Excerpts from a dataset
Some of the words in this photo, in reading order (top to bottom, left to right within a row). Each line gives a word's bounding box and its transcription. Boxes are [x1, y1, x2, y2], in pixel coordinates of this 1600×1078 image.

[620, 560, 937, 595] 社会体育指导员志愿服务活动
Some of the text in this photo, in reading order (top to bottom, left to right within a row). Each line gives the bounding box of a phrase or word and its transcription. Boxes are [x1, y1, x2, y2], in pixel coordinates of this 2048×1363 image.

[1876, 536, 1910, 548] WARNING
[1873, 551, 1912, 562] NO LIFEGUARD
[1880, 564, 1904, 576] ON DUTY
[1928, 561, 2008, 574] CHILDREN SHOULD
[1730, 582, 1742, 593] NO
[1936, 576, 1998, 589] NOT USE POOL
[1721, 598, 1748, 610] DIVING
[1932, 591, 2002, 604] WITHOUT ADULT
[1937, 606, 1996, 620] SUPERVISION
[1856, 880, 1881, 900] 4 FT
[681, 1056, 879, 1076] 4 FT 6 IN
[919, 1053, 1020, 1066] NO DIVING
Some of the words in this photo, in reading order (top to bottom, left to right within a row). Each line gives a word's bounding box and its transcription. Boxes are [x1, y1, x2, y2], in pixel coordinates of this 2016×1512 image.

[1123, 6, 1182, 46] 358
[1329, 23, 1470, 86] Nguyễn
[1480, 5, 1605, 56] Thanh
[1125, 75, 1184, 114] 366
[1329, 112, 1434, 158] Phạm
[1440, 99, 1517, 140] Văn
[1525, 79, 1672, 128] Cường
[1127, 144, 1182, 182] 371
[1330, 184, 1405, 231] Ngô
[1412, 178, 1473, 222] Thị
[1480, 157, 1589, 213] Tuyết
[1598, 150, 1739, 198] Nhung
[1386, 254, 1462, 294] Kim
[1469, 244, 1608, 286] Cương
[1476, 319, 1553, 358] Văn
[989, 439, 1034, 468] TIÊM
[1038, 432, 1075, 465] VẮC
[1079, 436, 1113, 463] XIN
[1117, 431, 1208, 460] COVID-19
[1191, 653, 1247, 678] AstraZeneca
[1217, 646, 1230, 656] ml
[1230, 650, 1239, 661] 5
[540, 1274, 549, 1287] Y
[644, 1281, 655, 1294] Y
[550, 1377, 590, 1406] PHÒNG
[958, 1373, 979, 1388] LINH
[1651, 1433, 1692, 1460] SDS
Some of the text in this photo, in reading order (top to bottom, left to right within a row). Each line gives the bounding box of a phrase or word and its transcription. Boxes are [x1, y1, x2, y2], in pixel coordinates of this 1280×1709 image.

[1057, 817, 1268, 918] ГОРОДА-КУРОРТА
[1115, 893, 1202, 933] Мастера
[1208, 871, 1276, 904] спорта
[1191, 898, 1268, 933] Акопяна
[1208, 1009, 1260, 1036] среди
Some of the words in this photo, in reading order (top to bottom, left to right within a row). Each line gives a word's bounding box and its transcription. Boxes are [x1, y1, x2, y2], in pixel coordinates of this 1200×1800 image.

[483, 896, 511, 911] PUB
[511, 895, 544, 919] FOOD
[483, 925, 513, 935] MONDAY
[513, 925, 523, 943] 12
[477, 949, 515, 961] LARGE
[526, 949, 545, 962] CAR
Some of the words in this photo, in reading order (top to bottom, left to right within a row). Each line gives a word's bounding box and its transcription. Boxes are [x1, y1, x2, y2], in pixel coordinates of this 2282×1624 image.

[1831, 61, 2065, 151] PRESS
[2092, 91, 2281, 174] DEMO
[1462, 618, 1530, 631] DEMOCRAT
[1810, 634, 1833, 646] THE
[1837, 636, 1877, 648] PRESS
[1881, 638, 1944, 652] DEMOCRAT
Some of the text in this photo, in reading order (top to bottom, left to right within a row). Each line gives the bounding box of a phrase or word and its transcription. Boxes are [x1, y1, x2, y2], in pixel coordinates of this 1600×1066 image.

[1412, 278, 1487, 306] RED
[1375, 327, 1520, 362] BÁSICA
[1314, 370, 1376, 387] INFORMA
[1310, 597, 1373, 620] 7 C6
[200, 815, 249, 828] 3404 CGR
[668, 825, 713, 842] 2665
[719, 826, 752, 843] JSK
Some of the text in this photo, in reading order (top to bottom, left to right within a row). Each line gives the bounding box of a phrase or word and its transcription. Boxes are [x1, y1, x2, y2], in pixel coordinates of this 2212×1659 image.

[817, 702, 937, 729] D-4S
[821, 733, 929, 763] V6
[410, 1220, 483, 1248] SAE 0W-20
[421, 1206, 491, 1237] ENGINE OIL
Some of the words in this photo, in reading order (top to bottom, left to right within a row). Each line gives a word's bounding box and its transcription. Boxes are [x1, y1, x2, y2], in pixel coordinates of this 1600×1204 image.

_TASK TO CARRY OUT_
Copy the data above in full, exactly as it reads.

_RESULT OF THIS EXERCISE_
Some of the words in this photo, in reading order (top to bottom, left to right within a row). Each line gives a word's bounding box and its transcription. Boxes are [x1, y1, x2, y2], in pixel coordinates of this 1600×1078 image.

[620, 560, 937, 595] 社会体育指导员志愿服务活动
Some of the text in this photo, in reading order (top to bottom, left to right within a row). Each line gives the bounding box of a phrase or word and its transcription. Boxes are [x1, y1, x2, y2], in pixel coordinates of this 2048×1363 image.

[1876, 536, 1910, 548] WARNING
[1873, 551, 1912, 562] NO LIFEGUARD
[1880, 564, 1904, 576] ON DUTY
[1928, 561, 2008, 574] CHILDREN SHOULD
[1730, 582, 1742, 593] NO
[1936, 576, 1998, 589] NOT USE POOL
[1721, 598, 1748, 610] DIVING
[1932, 591, 2002, 604] WITHOUT ADULT
[1937, 606, 1996, 620] SUPERVISION
[1856, 880, 1881, 900] 4 FT
[681, 1056, 879, 1076] 4 FT 6 IN
[919, 1053, 1020, 1066] NO DIVING
Some of the words in this photo, in reading order (top to bottom, left to right within a row). Each line gives a word's bounding box and its transcription. Boxes are [x1, y1, x2, y2], in pixel coordinates of this 2016×1512 image.

[1123, 6, 1182, 46] 358
[1329, 23, 1470, 86] Nguyễn
[1480, 5, 1605, 56] Thanh
[1125, 75, 1184, 114] 366
[1329, 112, 1434, 158] Phạm
[1440, 99, 1517, 140] Văn
[1525, 79, 1672, 128] Cường
[1127, 144, 1182, 182] 371
[1330, 184, 1405, 231] Ngô
[1412, 178, 1473, 222] Thị
[1480, 157, 1589, 213] Tuyết
[1598, 150, 1739, 198] Nhung
[1386, 254, 1462, 294] Kim
[1469, 244, 1608, 286] Cương
[1476, 319, 1553, 358] Văn
[989, 439, 1034, 468] TIÊM
[1038, 432, 1075, 465] VẮC
[1079, 436, 1113, 463] XIN
[1117, 431, 1208, 460] COVID-19
[1191, 653, 1247, 678] AstraZeneca
[1217, 646, 1230, 656] ml
[1230, 650, 1239, 661] 5
[540, 1274, 549, 1287] Y
[644, 1281, 655, 1294] Y
[550, 1377, 590, 1406] PHÒNG
[958, 1373, 979, 1388] LINH
[1651, 1433, 1692, 1460] SDS
Some of the text in this photo, in reading order (top to bottom, left to right within a row). Each line gives the bounding box of a phrase or word and its transcription. Boxes are [x1, y1, x2, y2], in pixel coordinates of this 1280×1709 image.

[1057, 817, 1268, 918] ГОРОДА-КУРОРТА
[1115, 893, 1202, 933] Мастера
[1208, 871, 1276, 904] спорта
[1191, 898, 1268, 933] Акопяна
[1208, 1009, 1260, 1036] среди
Some of the words in this photo, in reading order (top to bottom, left to right within a row). Each line gives a word's bounding box and its transcription. Boxes are [x1, y1, x2, y2], in pixel coordinates of this 1200×1800 image.

[483, 896, 511, 911] PUB
[511, 895, 544, 919] FOOD
[483, 925, 513, 935] MONDAY
[513, 925, 523, 943] 12
[477, 949, 515, 961] LARGE
[526, 949, 545, 962] CAR
Some of the words in this photo, in reading order (top to bottom, left to right within a row). Each line gives a word's bounding box and its transcription. Boxes are [x1, y1, x2, y2], in pixel coordinates of this 2282×1624 image.

[1831, 61, 2065, 151] PRESS
[2092, 91, 2281, 174] DEMO
[1462, 618, 1530, 631] DEMOCRAT
[1810, 634, 1833, 646] THE
[1837, 636, 1877, 648] PRESS
[1881, 638, 1944, 652] DEMOCRAT
Some of the text in this photo, in reading order (top to bottom, left to right within a row). Each line gives the bounding box of a phrase or word and its transcription. Boxes are [x1, y1, x2, y2], in pixel coordinates of this 1600×1066 image.

[1412, 278, 1487, 306] RED
[1375, 327, 1520, 362] BÁSICA
[1314, 370, 1376, 387] INFORMA
[1310, 597, 1373, 620] 7 C6
[200, 815, 249, 828] 3404 CGR
[668, 825, 713, 842] 2665
[719, 826, 752, 843] JSK
Some of the text in this photo, in reading order (top to bottom, left to right within a row). Each line gives the bounding box of a phrase or word and its transcription. Boxes are [x1, y1, x2, y2], in pixel coordinates of this 2212×1659 image.

[817, 702, 937, 729] D-4S
[821, 733, 929, 763] V6
[410, 1220, 483, 1248] SAE 0W-20
[421, 1206, 491, 1237] ENGINE OIL
Some of the words in this photo, in reading order (top to bottom, left to right within a row). Each line gives a word's bounding box and its transcription. Boxes are [x1, y1, x2, y2], in pixel coordinates of this 1600×1204 image.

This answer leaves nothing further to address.